● **WHAT TO PRODUCE**: An exact reproduction of the records is required. Images must be left out.

(Saved entries)
════════════════

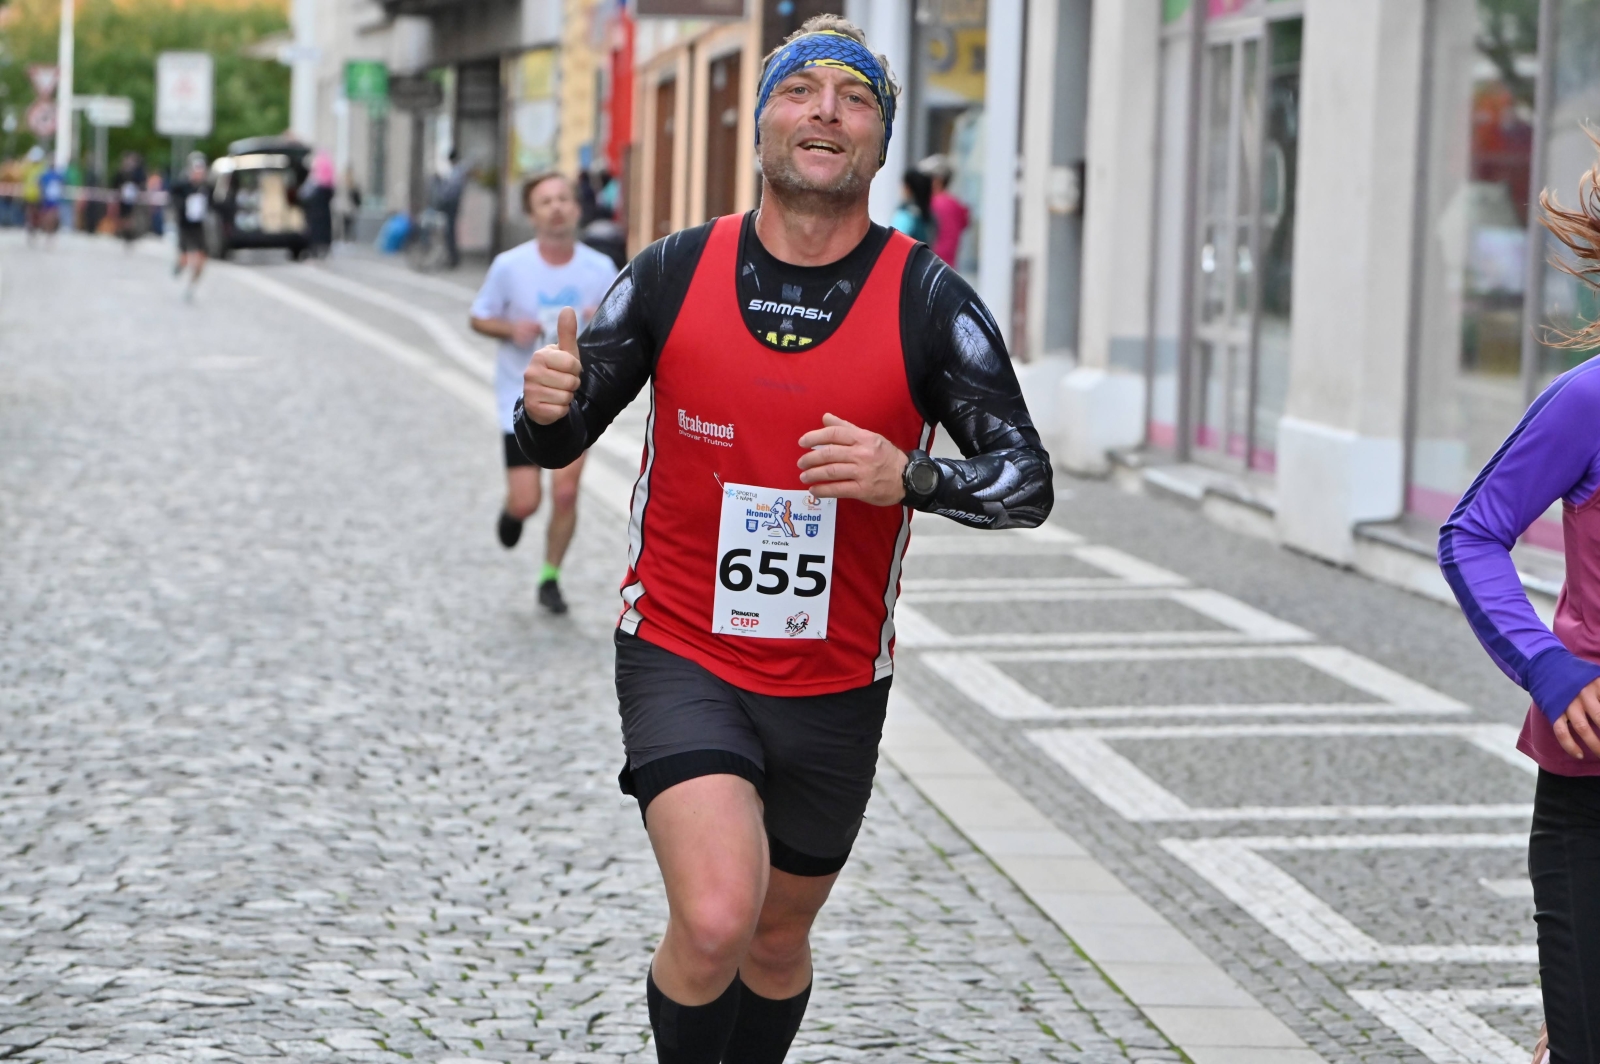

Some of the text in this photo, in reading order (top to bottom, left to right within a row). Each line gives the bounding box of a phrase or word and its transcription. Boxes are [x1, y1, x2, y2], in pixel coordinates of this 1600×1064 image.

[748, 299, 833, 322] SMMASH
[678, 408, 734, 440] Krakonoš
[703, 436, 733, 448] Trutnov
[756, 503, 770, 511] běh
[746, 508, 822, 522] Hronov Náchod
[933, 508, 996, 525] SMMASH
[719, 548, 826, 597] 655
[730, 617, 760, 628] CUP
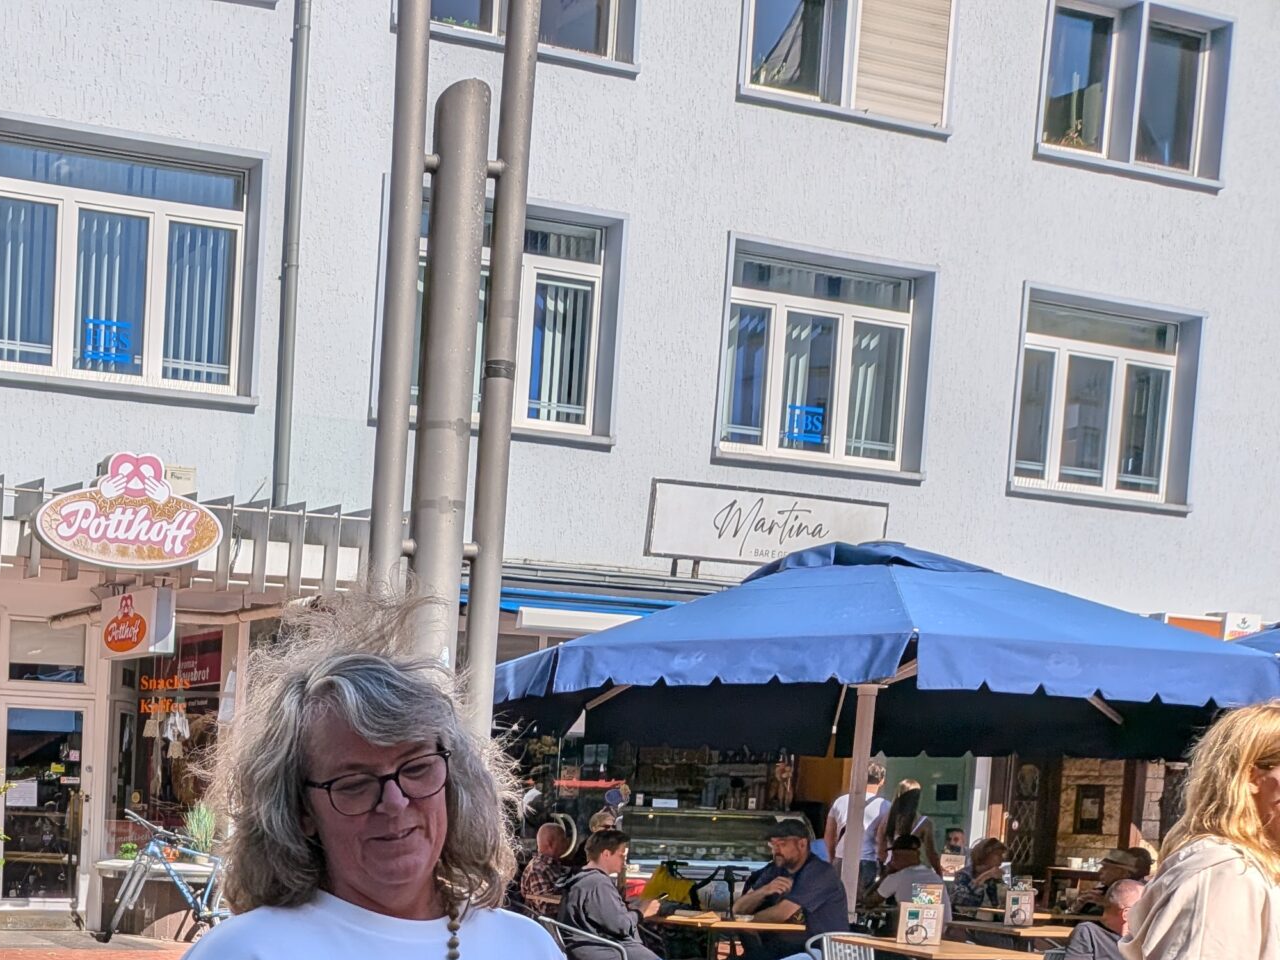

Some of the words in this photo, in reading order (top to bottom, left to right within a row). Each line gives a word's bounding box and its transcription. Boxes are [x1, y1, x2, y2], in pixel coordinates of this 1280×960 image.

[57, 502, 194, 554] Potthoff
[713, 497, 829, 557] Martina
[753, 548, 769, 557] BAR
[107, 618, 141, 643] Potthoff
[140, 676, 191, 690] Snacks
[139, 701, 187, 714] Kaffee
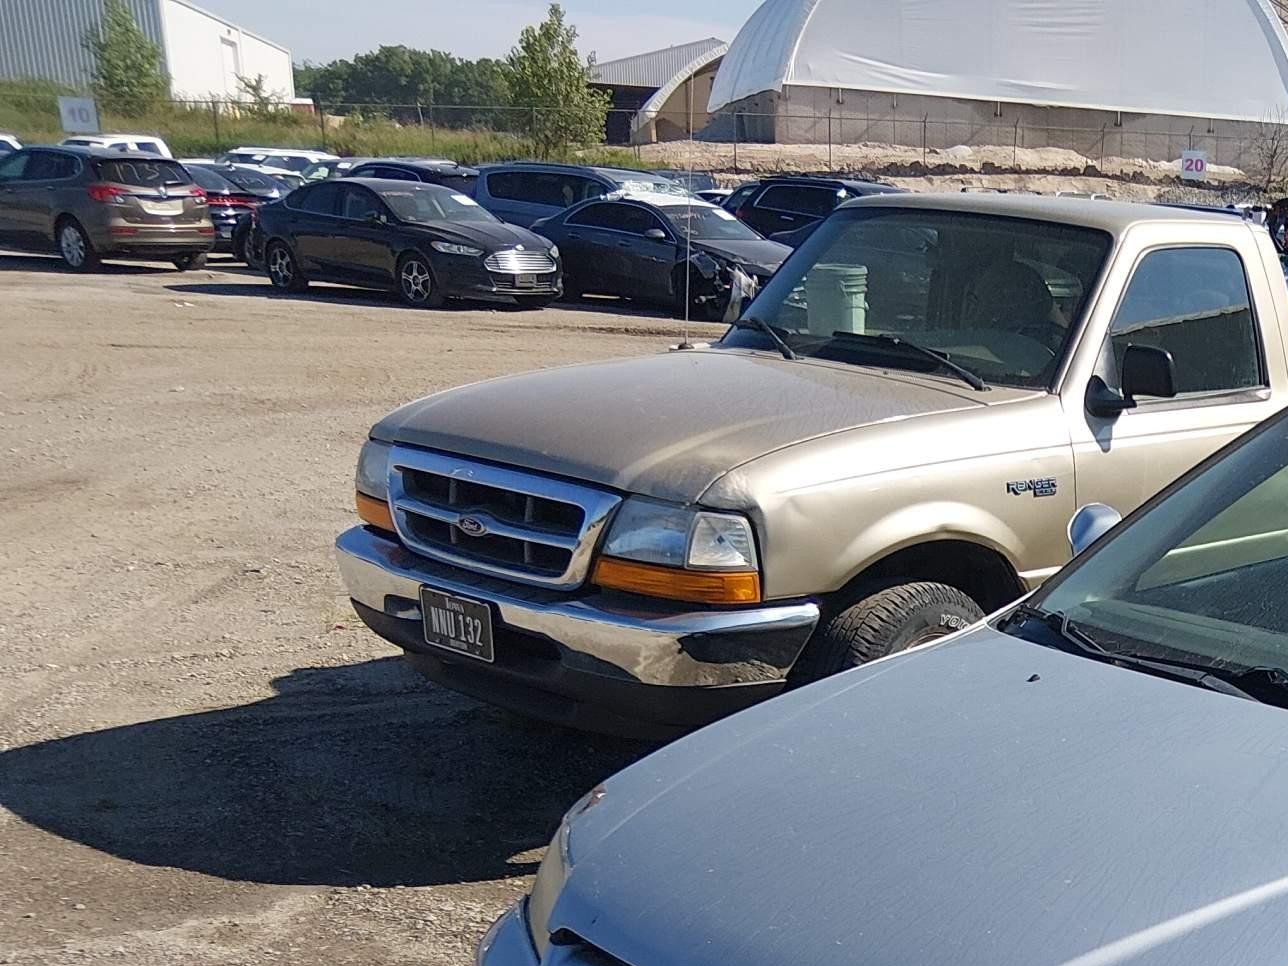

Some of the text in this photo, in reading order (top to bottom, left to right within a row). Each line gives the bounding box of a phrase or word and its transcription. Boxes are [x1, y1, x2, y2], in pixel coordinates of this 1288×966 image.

════════════════

● **COMPLETED EXERCISE**:
Some of the text in this photo, in reading order (top to bottom, left to right within a row). Each line gives the bounding box of a phrase or word and its transcription. Boxes are [x1, y1, x2, y2], in pixel coordinates of this 1600×1064 image.

[748, 299, 833, 322] SMMASH
[678, 408, 734, 440] Krakonoš
[703, 436, 733, 448] Trutnov
[756, 503, 770, 511] běh
[746, 508, 822, 522] Hronov Náchod
[933, 508, 996, 525] SMMASH
[719, 548, 826, 597] 655
[730, 617, 760, 628] CUP

Some of the words in this photo, in reading order (top to bottom, left to right within a row). Each line gives a word's bounding box and its transcription. Boxes are [x1, y1, x2, y2], in pixel coordinates of this 1280×960 image.

[57, 502, 194, 554] Potthoff
[713, 497, 829, 557] Martina
[753, 548, 769, 557] BAR
[107, 618, 141, 643] Potthoff
[140, 676, 191, 690] Snacks
[139, 701, 187, 714] Kaffee

Some of the text in this photo, in reading order (top to bottom, left to right within a row). Each line gives the bounding box of a phrase or word and its transcription. Boxes are [x1, y1, x2, y2], in pixel coordinates of this 1288×966 image.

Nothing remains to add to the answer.